US President Donald Trump's top diplomat said that any moves by North Korea that threaten troops in the South "will be met with the appropriate response".
"North Korea must understand that the only path to a secure, economically-prosperous future is to abandon its development of nuclear weapons, ballistic missiles, and other weapons of mass destruction," Tillerson said.
South Korean Foreign Minister Yun Byung-se praised the Trump administration's "robust Asia engagement policy.
At the White House, Trump weighed in via Twitter. "North Korea is behaving very badly. They have been 'playing' the United States for years," he tweeted. "China has done little to help!"
One of the few capitals that maintains relations with Pyongyang, Beijing is seen as having significant economic and political sway over the reclusive North Korean communist regime.
In Seoul, Tillerson urged "other regional powers" to join demands for North Korea to "choose a better path and a different future for its people".
Tillerson was on the second stop of a three-country Asia trip, which followed Pyongyang''s March 6 test launch of four ballistic missiles. Earlier, Tillerson visited the demilitarised zone (DMZ) at the border between North and South Korea, where he had lunch with troops, received a briefing and reportedly walked near the demarcation line.
North soldiers watch, take pictures
North Korean soldiers watched and took photographs, Yonhap reported. Tillerson also met South Korea's acting President and Prime Minister Hwang Kyo-ahn, a week after a court upheld the impeachment of Park Geun-hye.
In a public appearance at the start of their meeting, Hwang pointed out that he had telephoned twice with Trump, and that US Defence Secretary James Mattis had visited Seoul last month.
Hwang noted that Tillerson was visiting "despite the transitional situation in our domestic politics. I believe that this clearly shows that the United States is with Korea 100 percent, as President Trump has mentioned on numerous occasions."
Tillerson said he was reaffirming that Washington and Seoul have an "ironclad alliance," which is the "lynchpin for security and stability in the Korean Peninsula."
In addition to threats from the North and its own political turmoil, South Korea faces economic threats from China over the deployment of a US missile defence system. North Korea's recent missile tests, part of an exercise that Pyongyang said targeted US military bases in Japan, prompted Washington to deploy the Terminal High-Altitude Area Defence (THAAD) system to South Korea.
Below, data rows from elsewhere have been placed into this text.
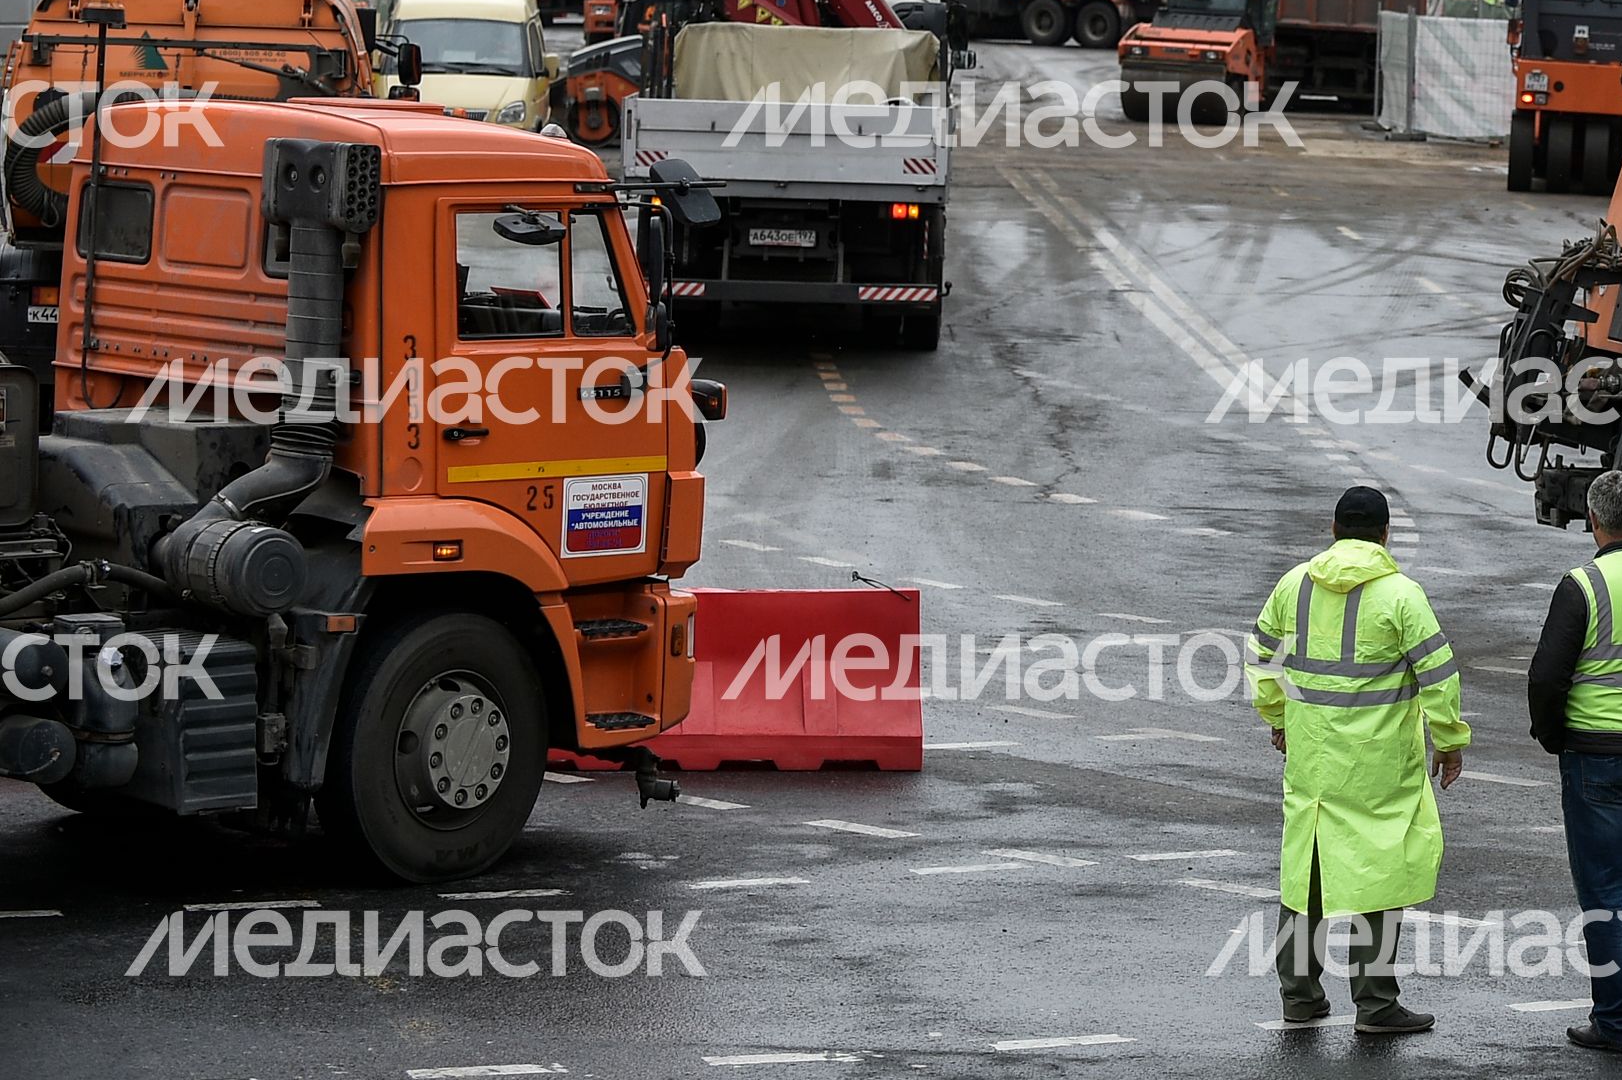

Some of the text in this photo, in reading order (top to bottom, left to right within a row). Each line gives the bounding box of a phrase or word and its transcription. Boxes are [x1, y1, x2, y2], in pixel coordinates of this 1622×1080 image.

[581, 388, 622, 399] 65115
[591, 482, 622, 491] МОСКВА
[526, 485, 555, 511] 25
[572, 490, 640, 502] ГОСУДАРСТВЕННОЕ
[581, 510, 630, 520] УЧРЕЖДЕНИЕ
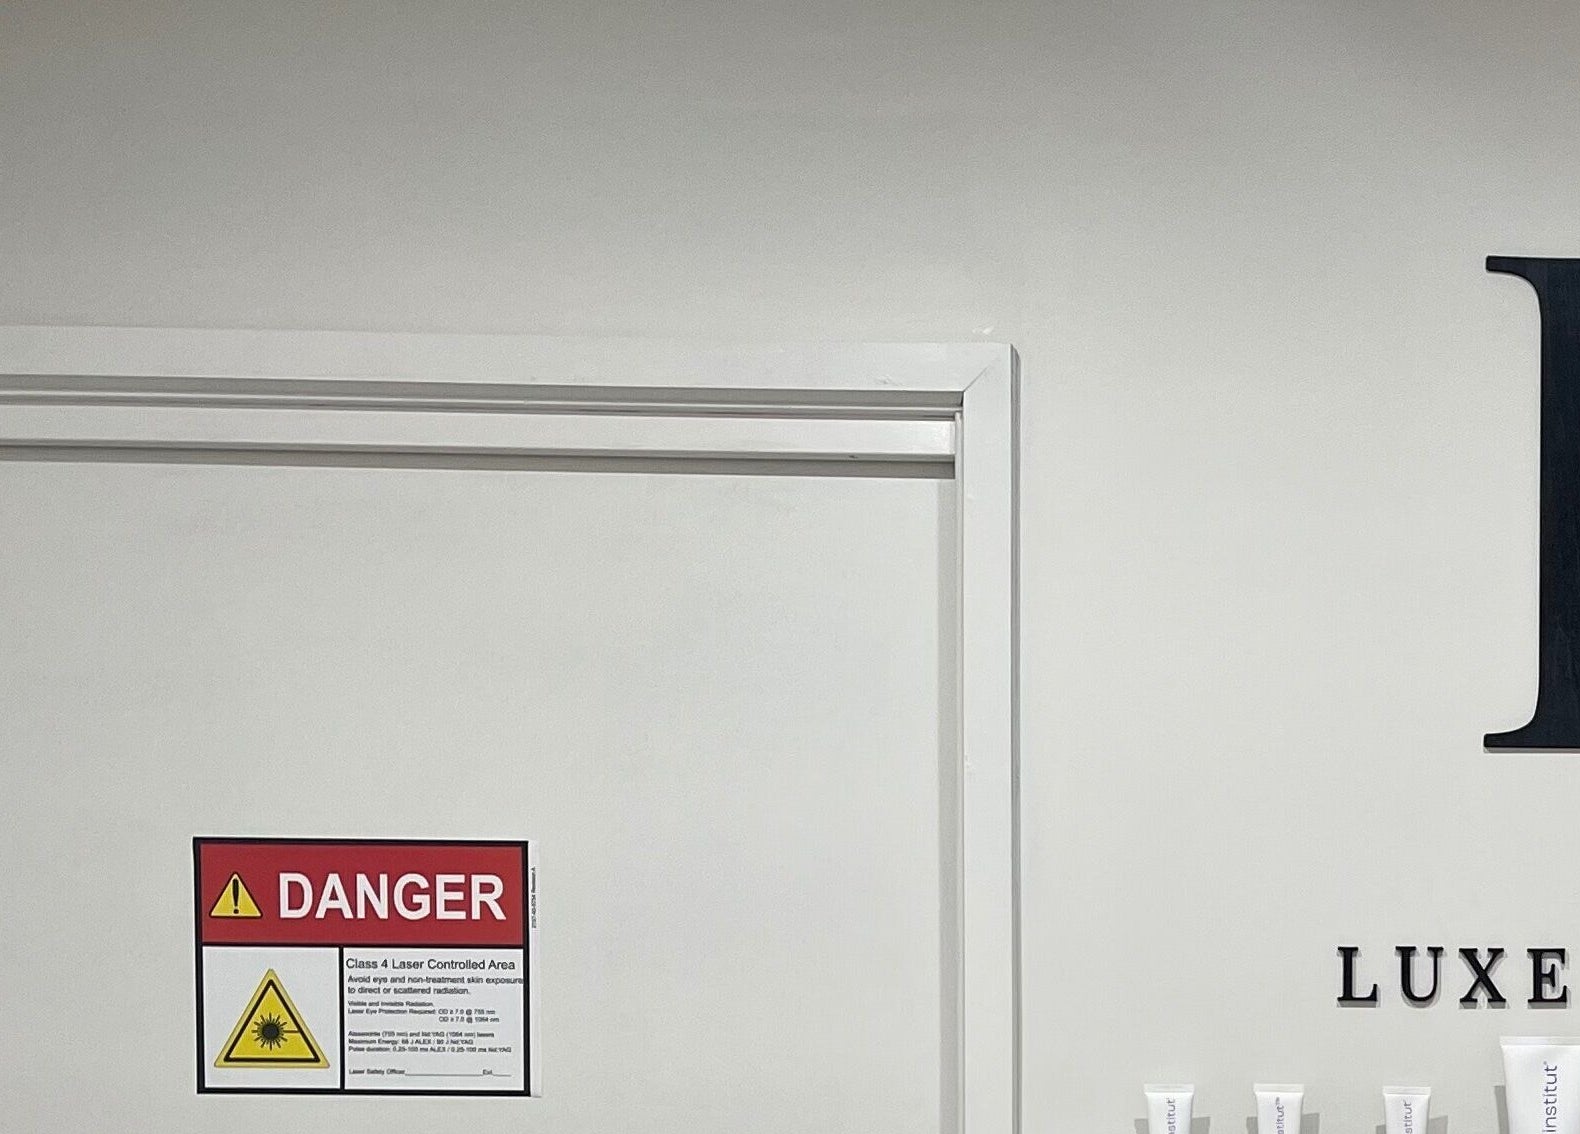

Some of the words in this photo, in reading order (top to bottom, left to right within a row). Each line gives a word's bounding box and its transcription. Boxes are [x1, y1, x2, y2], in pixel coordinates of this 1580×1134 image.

[279, 873, 507, 920] DANGER
[346, 958, 378, 969] Class
[381, 959, 388, 969] 4
[392, 958, 425, 969] Laser
[427, 959, 485, 970] Controlled
[488, 960, 516, 970] Area
[348, 975, 370, 983] Avoid
[373, 977, 388, 985] eye
[408, 976, 465, 984] non-treatment
[1336, 946, 1567, 1003] LUXE
[348, 986, 356, 994] to
[358, 986, 380, 994] direct
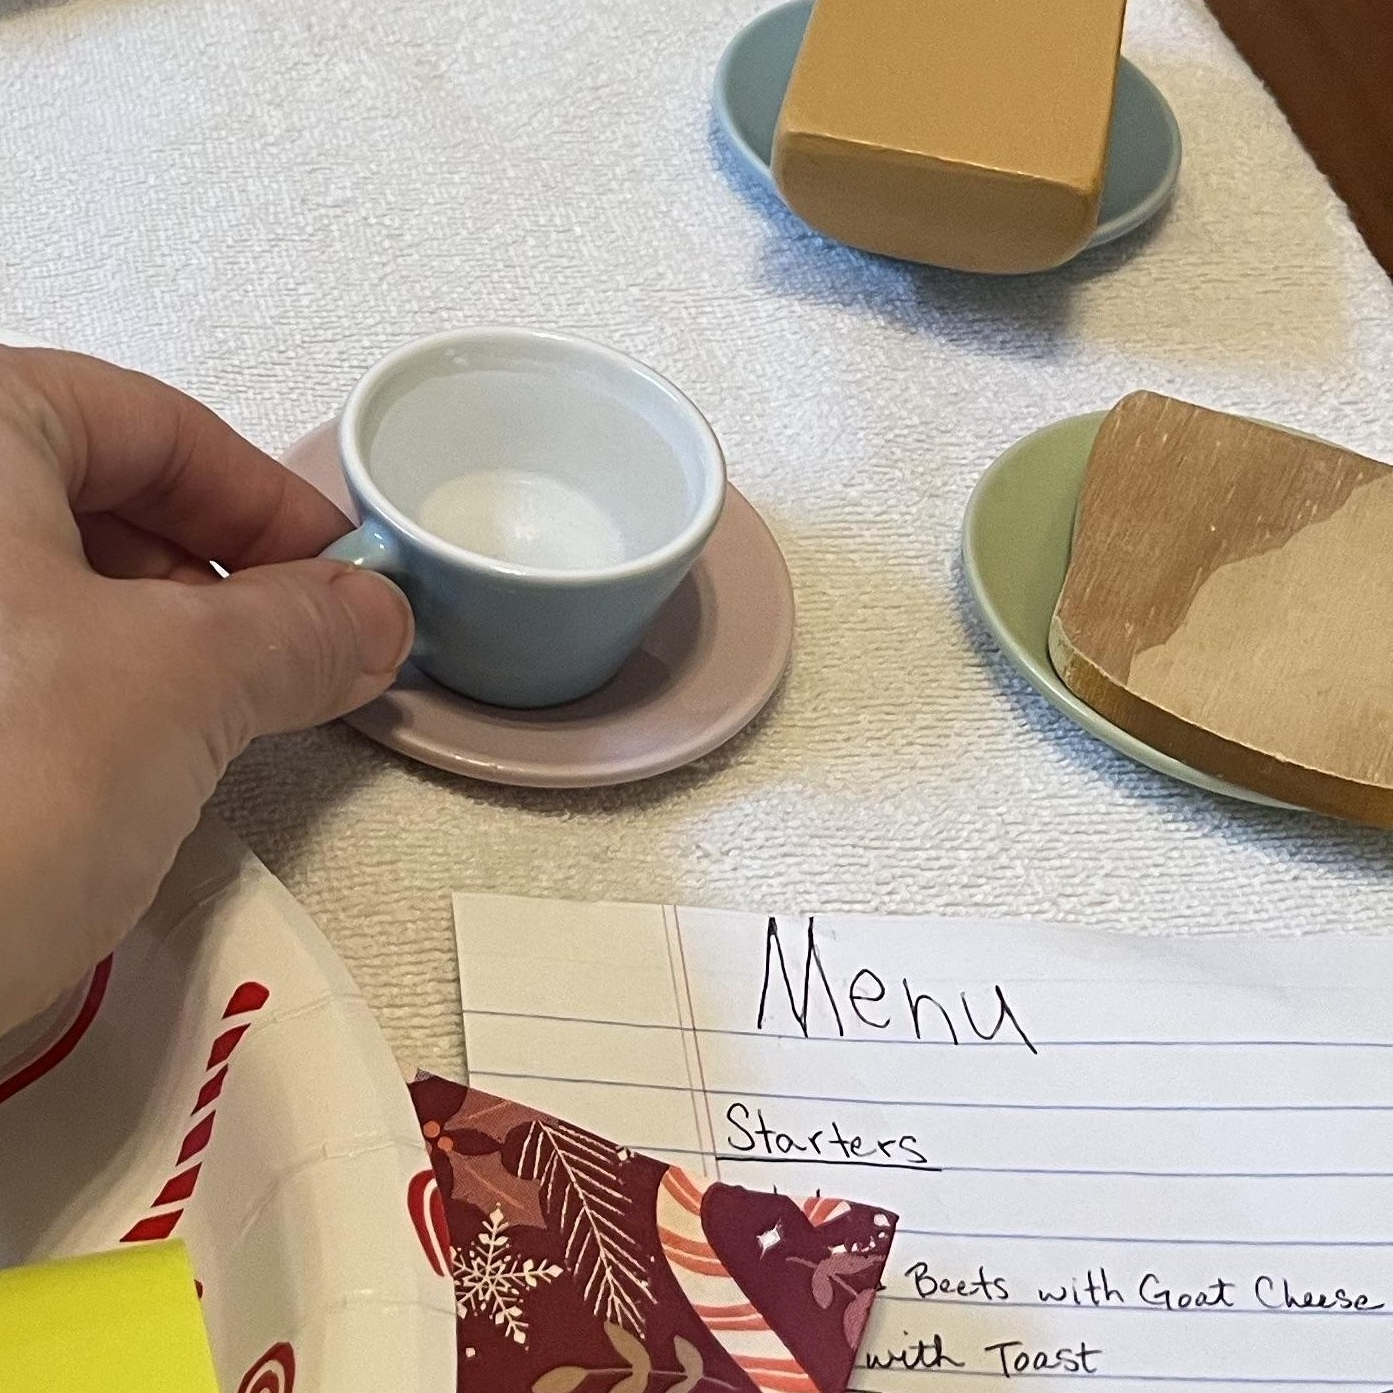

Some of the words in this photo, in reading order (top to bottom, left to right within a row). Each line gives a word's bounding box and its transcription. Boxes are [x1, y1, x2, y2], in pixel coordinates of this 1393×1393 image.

[758, 917, 1037, 1054] Menu
[727, 1103, 927, 1163] Starters
[905, 1262, 1008, 1300] Beets
[1038, 1267, 1125, 1306] with
[1138, 1273, 1235, 1310] Goat
[1255, 1276, 1385, 1311] Cheese
[866, 1330, 965, 1369] with
[984, 1341, 1102, 1378] Toast
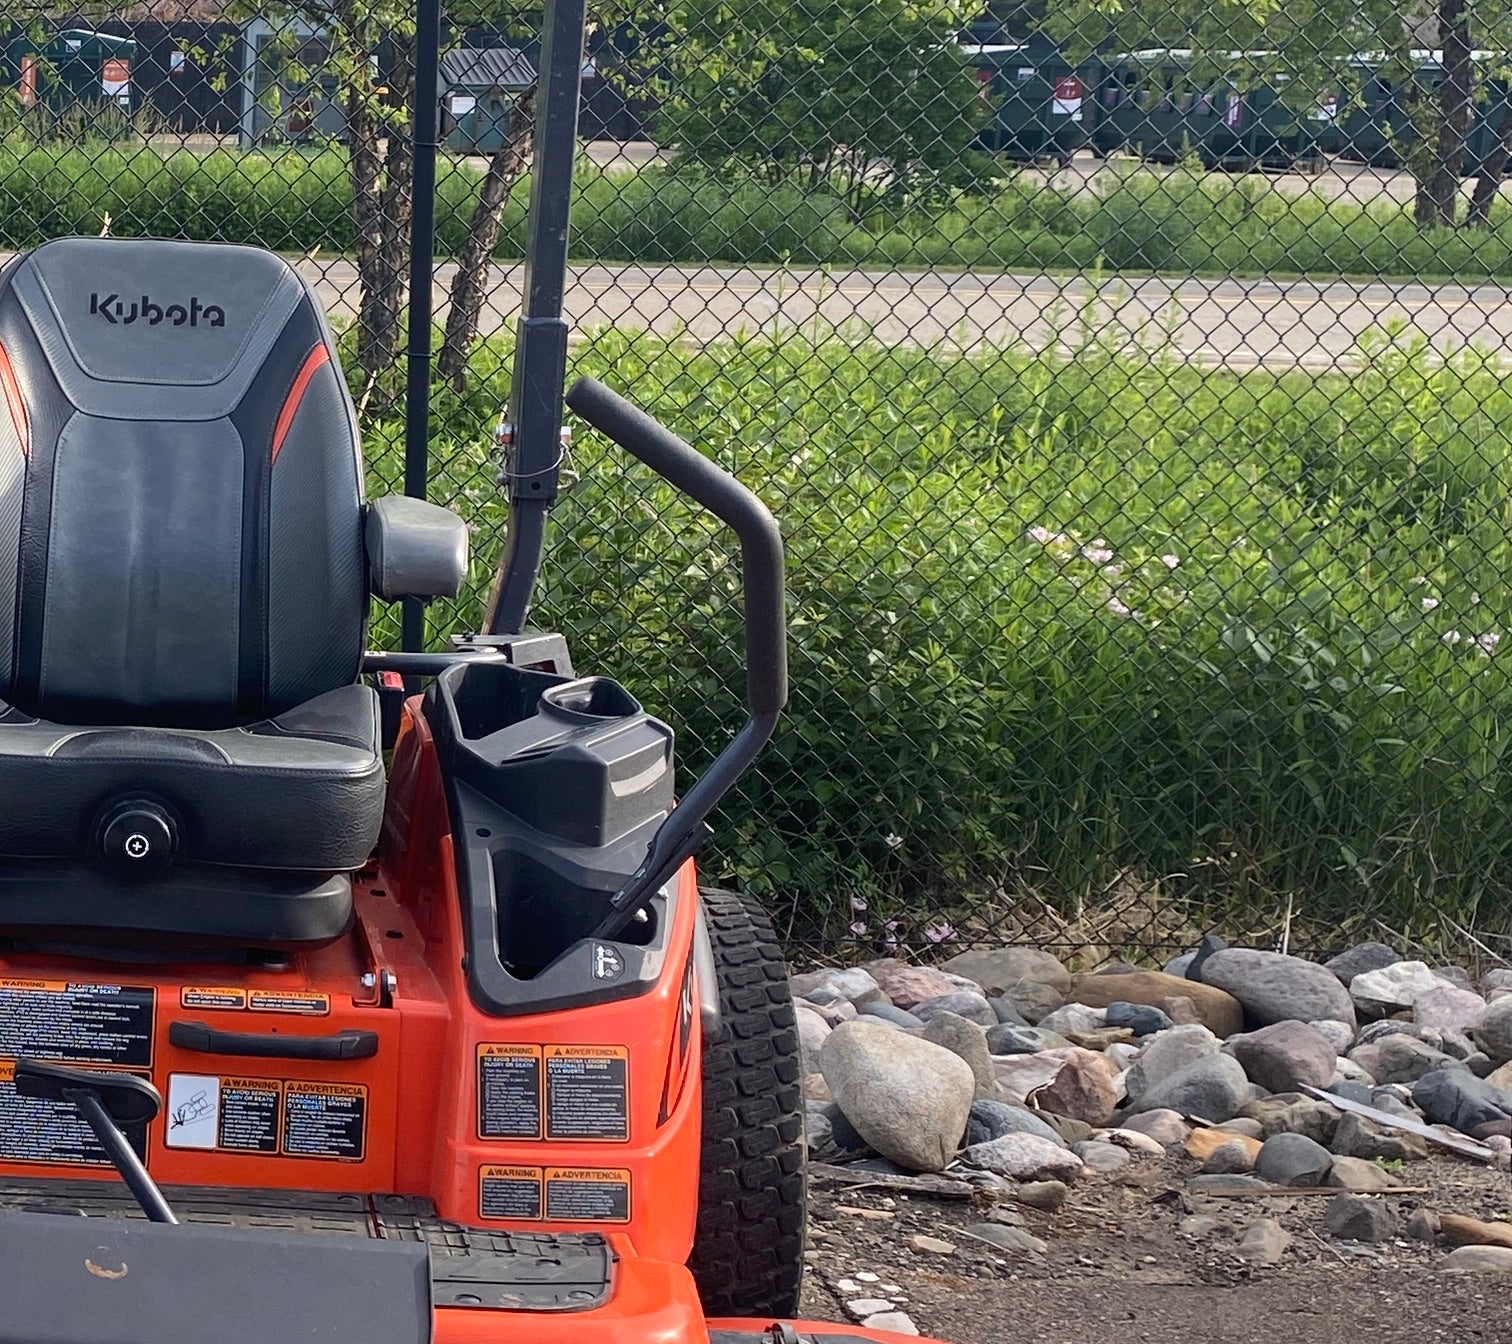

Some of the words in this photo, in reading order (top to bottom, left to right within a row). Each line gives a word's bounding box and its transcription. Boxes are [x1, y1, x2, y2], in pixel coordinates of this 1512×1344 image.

The US has said the system is strictly defensive. Tillerson noted today the Chinese opposition to the THAAD deployment but said Beijing's "economic retaliation against South Korea is inappropriate and troubling".
"Instead, we urge China to address the threat that makes that necessary - that being the escalating threat from North Korea," he said.
Tillerson is due in Beijing around noon tomorrow, for talks with Chinese Foreign Minister Wang Yi and State Councilor Yang Jiechi.
On Thursday in Tokyo, Tillerson underpinned the importance of cooperation with Japan and South Korea after meeting with Japanese Foreign Minister Fumio Kishida in Tokyo.
"It is important to recognise that diplomatic and other efforts of the past 20 years to bring North Korea to a point of denuclearisation have failed," said Tillerson. He urged a "different approach" to dealing with North Korea''s "ever-escalating threat."